Rapidamente eu saí da cama, vesti a roupa e fui, junto de minha irmã, até a casa da vovó. Chegamos lá a casa estava toda escura, os móveis rangiam muito e dava para ouvir umas risadas assustadoras perambulando pela casa. Corremos para o quartinho sem olhar para trás e lá, a luz de velas, tremendo toda, estava vovó lavando os lençóis e chorando, pedindo para que os espíritos ruins nos deixassem em paz.

Não pensamos duas vezes, fechamos a porta e garramos no serviço também. Ouvimos socos fortes nas portas e gritos tentando nos assustar. A água da torneira as vezes jorrava sangue, aranhas e outros insetos andavam em nossos braços, foi horrível. Mas aquele dia, Bianca e eu nos tornamos mais fortes, vencemos o medo e lavamos os lençóis todos. Eram quase três da madrugada quando a luz voltou, os gritos sessaram e podemos sair do quarto.

Levamos vovó até a cama, voltamos e estendemos os lençóis, com medo, claro. Estava tudo escuro. Mas era preciso.

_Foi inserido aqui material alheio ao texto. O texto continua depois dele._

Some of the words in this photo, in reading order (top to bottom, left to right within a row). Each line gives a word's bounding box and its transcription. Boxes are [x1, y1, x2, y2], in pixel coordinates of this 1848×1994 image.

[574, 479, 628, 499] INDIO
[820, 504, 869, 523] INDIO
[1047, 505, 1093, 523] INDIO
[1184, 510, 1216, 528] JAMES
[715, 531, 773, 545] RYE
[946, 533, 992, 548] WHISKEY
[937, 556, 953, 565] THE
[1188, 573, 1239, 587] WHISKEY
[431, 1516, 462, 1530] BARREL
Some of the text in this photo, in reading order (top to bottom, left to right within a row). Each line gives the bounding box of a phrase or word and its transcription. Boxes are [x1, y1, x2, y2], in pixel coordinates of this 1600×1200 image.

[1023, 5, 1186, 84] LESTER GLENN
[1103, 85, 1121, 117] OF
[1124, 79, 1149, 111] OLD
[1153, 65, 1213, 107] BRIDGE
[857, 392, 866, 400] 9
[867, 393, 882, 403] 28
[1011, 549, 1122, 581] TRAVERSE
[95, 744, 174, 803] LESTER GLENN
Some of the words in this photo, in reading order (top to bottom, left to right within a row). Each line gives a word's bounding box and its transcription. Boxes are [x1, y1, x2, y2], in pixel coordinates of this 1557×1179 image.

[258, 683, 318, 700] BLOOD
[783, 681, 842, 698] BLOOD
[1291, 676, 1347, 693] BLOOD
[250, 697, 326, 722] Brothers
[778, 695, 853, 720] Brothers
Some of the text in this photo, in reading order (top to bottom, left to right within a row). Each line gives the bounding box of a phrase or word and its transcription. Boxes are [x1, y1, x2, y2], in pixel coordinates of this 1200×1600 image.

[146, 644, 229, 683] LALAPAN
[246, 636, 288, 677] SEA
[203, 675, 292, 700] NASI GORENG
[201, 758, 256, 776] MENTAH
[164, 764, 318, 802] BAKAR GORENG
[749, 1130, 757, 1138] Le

Logo o sol raiou, preparamos um café e vovó se levantou. Contou que aquilo acontecia toda vez que ela lavava os lençóis das sacolas marrons, mas nunca nada havia ido ao terreiro. A partir desse dia nós passamos a lavar esses lençóis e com o passar do tempo essas manifestações diminuíram. Até hoje eu não sei o porquê fui atacada daquele jeito.